China to flood banking system with new liquidity
The selloff in Chinese stocks accelerated Monday, adding pressure on Beijing, which is planning to flood its banking system with new liquidity to offset effects of its recent surprise currency devaluation, according to Chinese officials and advisers to the central bank.
Stocks fell sharply in morning trading, with the Shanghai Composite Index SHCOMP, - 8.49% down about 8%, bringing its losses since its mid-June peak to roughly 37%. Stock markets also were down Monday morning in Japan and South Korea.
The expected move to free up more funds for lending-by reducing the deposits banks must hold in reserve-is directly aimed at countering the effects of a weaker currency, which could send more funds away from Beijing's shores. The moves reflect an economy increasingly failing to cooperate with Chinese leaders' playbook to control the world's No. 2 economy.
Beijing's struggles this summer have spooked many investors into viewing China as a threat to, rather than a rescuer of, global growth. During the financial crisis of 2008 and early 2009, China, with a colossal stimulus plan, acted as a shock absorber. Lately, it is China that is providing the shocks. Over the past week, it has grown clear how dependent a growthstarved world is on China, which accounts for 15% of global output but has contributed up to half of global growth in recent years.
Given this dependency, one reason markets have been so unnerved is that China's economy remains something of a black box.
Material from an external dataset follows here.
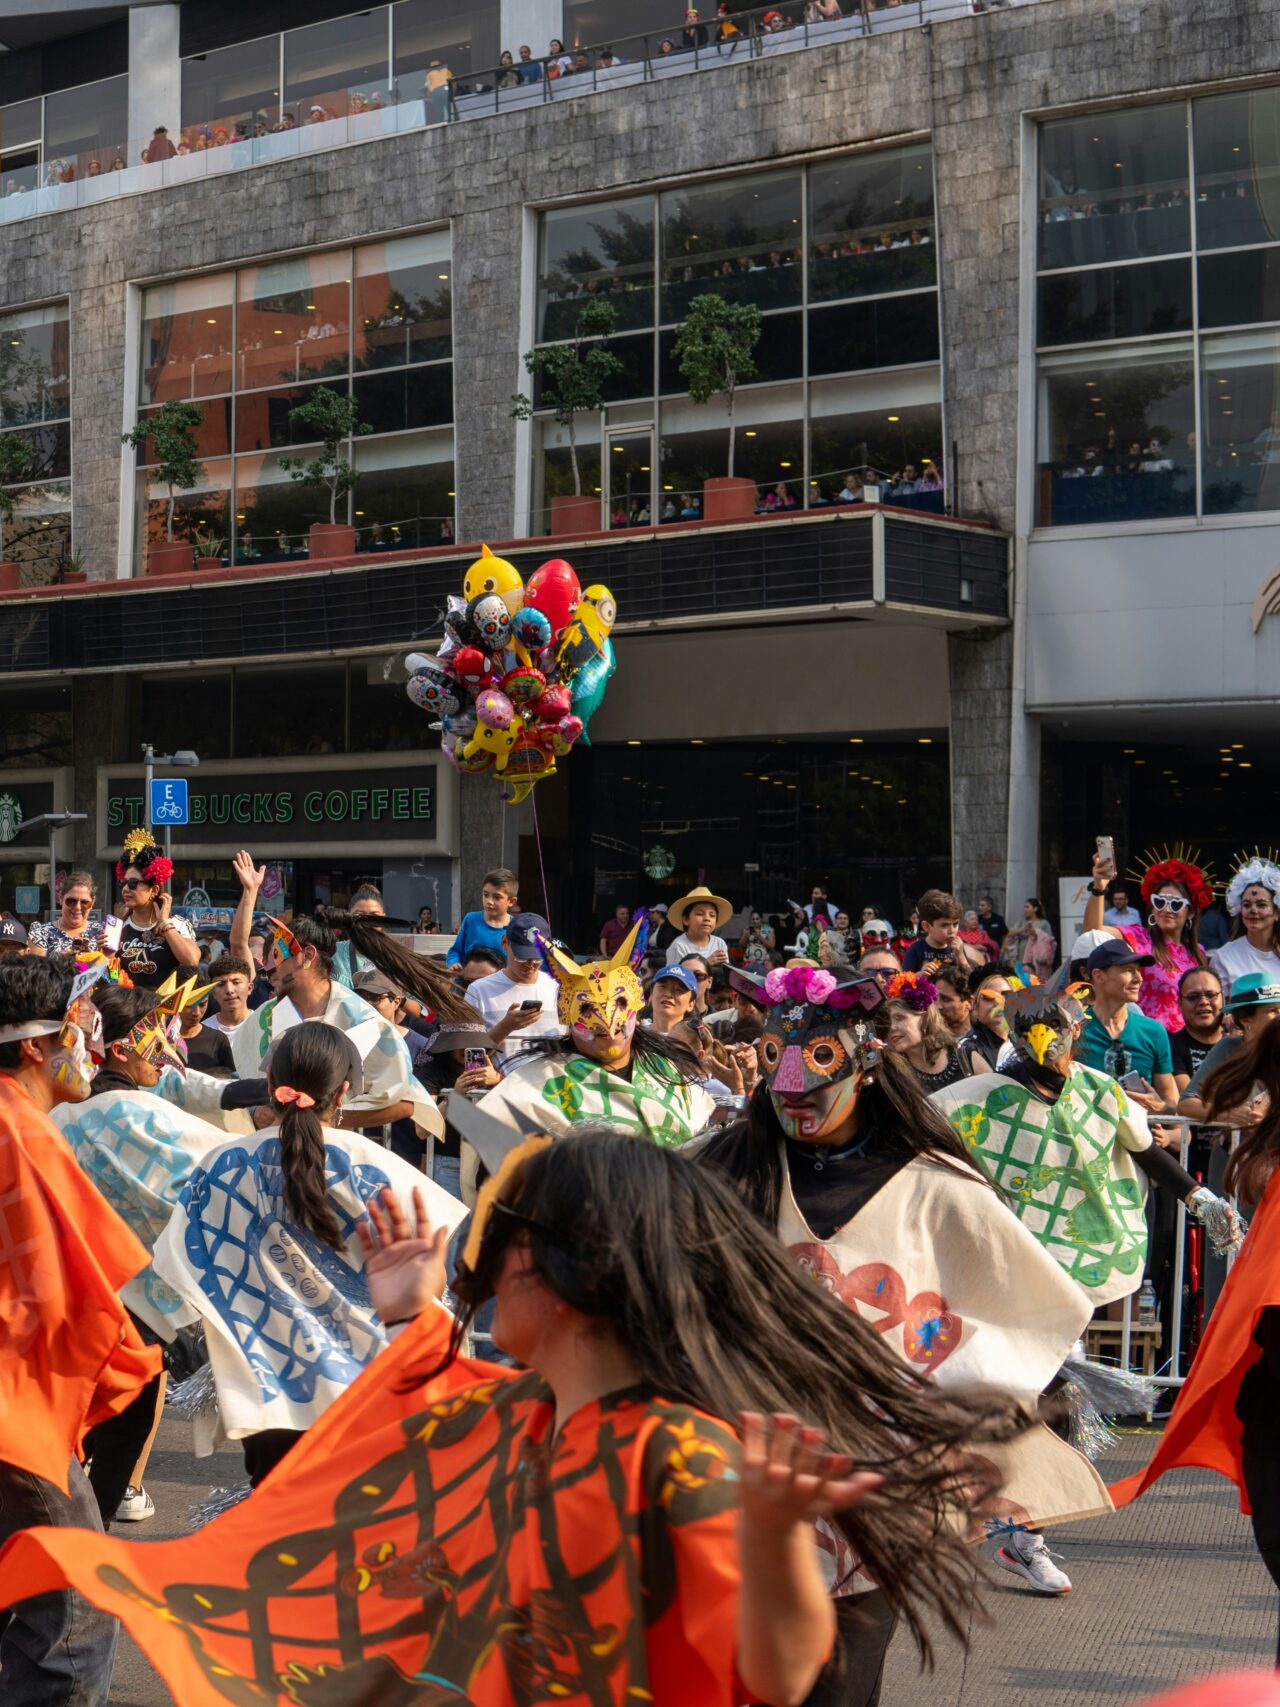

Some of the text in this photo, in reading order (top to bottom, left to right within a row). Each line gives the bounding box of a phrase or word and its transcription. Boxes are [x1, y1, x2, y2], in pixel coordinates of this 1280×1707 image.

[165, 784, 174, 800] E
[107, 788, 431, 827] STBUCKS COFFEE
[122, 937, 165, 952] Cherry
For starters, analysts have long wondered about the accuracy of government economic statistics. And levers pulled by Chinese policy makers can be unconventional. This is seen in Beijing's desire to micromanage the yuan's value, which undercuts its ability to pursue an independent monetary policy because of spillover effects on domestic liquidity.
The cut in bank reserves, which could come as early as this week, would follow several others this year and four interest-rate cuts since November that have failed to juice growth and channel bank lending to the so-called real economy. A key problem is that risk-averse banks continue to favor state-owned companies, eschewing private enterprises with less-traditional collateral and balance sheets. This often leaves entrepreneurs with higher growth potential to fall back on high-interest nonbank financing or go without. Meanwhile, many stateowned companies, already awash in cheap capital, are reluctant to borrow because of overcapacity in various industries.